* [EXERCISE] Your answer must consist solely of the line containing "this 1334×1500 image." and each line after it through the end of the data, copied exactly.

Extracted data entries
##########

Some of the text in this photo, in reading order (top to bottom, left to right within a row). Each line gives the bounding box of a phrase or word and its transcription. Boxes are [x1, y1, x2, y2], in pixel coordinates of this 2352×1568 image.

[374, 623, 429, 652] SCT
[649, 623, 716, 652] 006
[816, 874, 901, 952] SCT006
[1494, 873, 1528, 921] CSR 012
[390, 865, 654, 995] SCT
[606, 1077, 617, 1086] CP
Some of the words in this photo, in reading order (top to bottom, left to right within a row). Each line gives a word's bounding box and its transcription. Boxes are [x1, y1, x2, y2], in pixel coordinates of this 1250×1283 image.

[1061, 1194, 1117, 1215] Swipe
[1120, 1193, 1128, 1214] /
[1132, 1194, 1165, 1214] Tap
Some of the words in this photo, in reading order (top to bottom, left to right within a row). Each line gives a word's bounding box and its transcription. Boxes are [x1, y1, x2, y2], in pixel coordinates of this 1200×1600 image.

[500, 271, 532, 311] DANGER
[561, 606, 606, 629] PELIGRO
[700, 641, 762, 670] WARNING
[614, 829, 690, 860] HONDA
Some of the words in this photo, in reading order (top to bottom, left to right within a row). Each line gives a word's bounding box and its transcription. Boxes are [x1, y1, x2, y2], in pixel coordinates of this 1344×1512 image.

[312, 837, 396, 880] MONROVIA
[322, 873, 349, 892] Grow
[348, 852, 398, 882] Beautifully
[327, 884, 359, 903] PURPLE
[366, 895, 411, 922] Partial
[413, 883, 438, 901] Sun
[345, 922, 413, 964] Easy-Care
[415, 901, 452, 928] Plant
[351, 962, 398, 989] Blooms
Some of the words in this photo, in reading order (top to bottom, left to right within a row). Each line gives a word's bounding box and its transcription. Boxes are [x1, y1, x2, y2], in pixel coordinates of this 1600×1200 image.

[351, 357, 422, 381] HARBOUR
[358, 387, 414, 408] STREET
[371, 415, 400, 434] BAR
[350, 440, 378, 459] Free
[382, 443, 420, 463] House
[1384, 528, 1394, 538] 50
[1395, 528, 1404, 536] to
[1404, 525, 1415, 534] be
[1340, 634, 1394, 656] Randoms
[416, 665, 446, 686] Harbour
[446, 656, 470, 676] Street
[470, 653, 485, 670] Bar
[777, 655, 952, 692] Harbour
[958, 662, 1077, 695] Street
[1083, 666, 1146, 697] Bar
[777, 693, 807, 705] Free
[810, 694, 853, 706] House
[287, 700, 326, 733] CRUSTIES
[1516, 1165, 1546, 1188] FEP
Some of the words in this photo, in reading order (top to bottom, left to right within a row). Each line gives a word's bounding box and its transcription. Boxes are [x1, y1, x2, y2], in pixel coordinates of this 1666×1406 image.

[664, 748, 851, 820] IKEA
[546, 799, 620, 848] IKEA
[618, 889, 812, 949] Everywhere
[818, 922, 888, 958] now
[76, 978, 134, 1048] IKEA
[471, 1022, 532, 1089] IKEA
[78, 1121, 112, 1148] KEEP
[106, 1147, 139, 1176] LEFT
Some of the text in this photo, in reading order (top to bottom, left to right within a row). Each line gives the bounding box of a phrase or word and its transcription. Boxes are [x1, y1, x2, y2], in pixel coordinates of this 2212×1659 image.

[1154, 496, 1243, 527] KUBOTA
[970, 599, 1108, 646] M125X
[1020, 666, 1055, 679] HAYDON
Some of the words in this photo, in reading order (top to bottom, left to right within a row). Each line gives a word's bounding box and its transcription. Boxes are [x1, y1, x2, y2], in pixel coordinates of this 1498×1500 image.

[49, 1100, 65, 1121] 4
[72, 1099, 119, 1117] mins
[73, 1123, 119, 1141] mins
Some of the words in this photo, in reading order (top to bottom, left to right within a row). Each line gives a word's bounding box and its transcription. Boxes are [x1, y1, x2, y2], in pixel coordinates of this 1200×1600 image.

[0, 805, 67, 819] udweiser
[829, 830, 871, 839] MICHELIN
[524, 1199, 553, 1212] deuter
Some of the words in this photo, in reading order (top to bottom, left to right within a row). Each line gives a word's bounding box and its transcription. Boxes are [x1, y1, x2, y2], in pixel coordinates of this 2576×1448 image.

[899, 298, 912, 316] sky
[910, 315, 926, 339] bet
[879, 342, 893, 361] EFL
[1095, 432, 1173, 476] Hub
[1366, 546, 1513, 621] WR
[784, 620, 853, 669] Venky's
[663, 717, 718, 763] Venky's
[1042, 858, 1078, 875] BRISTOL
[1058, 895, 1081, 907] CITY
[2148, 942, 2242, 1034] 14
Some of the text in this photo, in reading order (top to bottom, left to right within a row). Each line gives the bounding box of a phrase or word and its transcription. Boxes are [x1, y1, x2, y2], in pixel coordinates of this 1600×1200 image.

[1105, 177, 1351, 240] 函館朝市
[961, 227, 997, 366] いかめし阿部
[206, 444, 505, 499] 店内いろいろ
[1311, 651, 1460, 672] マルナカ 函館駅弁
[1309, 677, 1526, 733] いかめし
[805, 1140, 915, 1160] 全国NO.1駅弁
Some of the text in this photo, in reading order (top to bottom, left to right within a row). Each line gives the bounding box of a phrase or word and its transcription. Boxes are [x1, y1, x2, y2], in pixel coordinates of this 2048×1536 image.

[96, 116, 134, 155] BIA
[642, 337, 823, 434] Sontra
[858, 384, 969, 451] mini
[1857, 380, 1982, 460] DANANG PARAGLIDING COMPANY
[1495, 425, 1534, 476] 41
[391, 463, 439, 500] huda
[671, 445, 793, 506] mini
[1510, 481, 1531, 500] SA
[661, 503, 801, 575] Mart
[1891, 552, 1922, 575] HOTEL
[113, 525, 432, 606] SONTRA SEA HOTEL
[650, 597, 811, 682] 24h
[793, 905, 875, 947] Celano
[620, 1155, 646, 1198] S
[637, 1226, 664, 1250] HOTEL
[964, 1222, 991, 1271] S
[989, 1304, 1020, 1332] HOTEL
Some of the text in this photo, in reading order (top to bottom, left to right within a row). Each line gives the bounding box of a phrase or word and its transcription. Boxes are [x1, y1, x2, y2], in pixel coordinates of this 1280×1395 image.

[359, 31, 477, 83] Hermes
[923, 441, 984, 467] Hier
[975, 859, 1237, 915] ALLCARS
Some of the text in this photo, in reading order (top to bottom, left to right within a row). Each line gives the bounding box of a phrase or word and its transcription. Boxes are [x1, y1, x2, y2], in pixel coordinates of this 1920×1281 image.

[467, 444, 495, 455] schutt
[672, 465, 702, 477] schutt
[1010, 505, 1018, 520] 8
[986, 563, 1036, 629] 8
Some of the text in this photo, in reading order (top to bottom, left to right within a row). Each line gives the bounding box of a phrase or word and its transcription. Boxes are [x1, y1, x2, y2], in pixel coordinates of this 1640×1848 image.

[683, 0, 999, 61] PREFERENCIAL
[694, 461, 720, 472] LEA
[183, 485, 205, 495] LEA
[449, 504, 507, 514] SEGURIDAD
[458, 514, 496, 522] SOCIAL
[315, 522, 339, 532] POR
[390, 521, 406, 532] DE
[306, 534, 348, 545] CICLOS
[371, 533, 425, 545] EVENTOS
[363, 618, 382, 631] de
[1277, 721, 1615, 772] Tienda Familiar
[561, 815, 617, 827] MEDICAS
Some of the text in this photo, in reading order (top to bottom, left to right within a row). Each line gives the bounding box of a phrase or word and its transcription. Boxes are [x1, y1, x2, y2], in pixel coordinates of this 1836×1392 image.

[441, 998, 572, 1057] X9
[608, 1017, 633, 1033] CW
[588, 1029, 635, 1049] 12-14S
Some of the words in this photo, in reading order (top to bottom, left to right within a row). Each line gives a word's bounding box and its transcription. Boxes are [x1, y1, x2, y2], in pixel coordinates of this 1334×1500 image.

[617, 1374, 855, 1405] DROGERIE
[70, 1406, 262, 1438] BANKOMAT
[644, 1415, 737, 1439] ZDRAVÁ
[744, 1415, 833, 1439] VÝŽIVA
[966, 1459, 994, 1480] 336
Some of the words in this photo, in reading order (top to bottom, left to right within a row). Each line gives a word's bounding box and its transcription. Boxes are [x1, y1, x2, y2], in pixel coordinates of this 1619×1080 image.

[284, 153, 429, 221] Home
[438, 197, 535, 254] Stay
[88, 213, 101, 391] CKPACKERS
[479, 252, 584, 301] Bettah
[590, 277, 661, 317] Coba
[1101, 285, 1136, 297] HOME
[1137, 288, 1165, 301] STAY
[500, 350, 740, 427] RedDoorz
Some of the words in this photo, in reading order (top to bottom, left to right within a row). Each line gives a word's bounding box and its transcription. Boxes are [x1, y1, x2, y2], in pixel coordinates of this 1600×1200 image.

##########

* [WORKED SOLUTION]
Some of the words in this photo, in reading order (top to bottom, left to right within a row). Each line gives a word's bounding box and its transcription. Boxes are [x1, y1, x2, y2], in pixel coordinates of this 1334×1500 image.

[617, 1374, 855, 1405] DROGERIE
[70, 1406, 262, 1438] BANKOMAT
[644, 1415, 737, 1439] ZDRAVÁ
[744, 1415, 833, 1439] VÝŽIVA
[966, 1459, 994, 1480] 336
Some of the words in this photo, in reading order (top to bottom, left to right within a row). Each line gives a word's bounding box and its transcription. Boxes are [x1, y1, x2, y2], in pixel coordinates of this 1619×1080 image.

[284, 153, 429, 221] Home
[438, 197, 535, 254] Stay
[88, 213, 101, 391] CKPACKERS
[479, 252, 584, 301] Bettah
[590, 277, 661, 317] Coba
[1101, 285, 1136, 297] HOME
[1137, 288, 1165, 301] STAY
[500, 350, 740, 427] RedDoorz
Some of the words in this photo, in reading order (top to bottom, left to right within a row). Each line gives a word's bounding box and its transcription. Boxes are [x1, y1, x2, y2], in pixel coordinates of this 1600×1200 image.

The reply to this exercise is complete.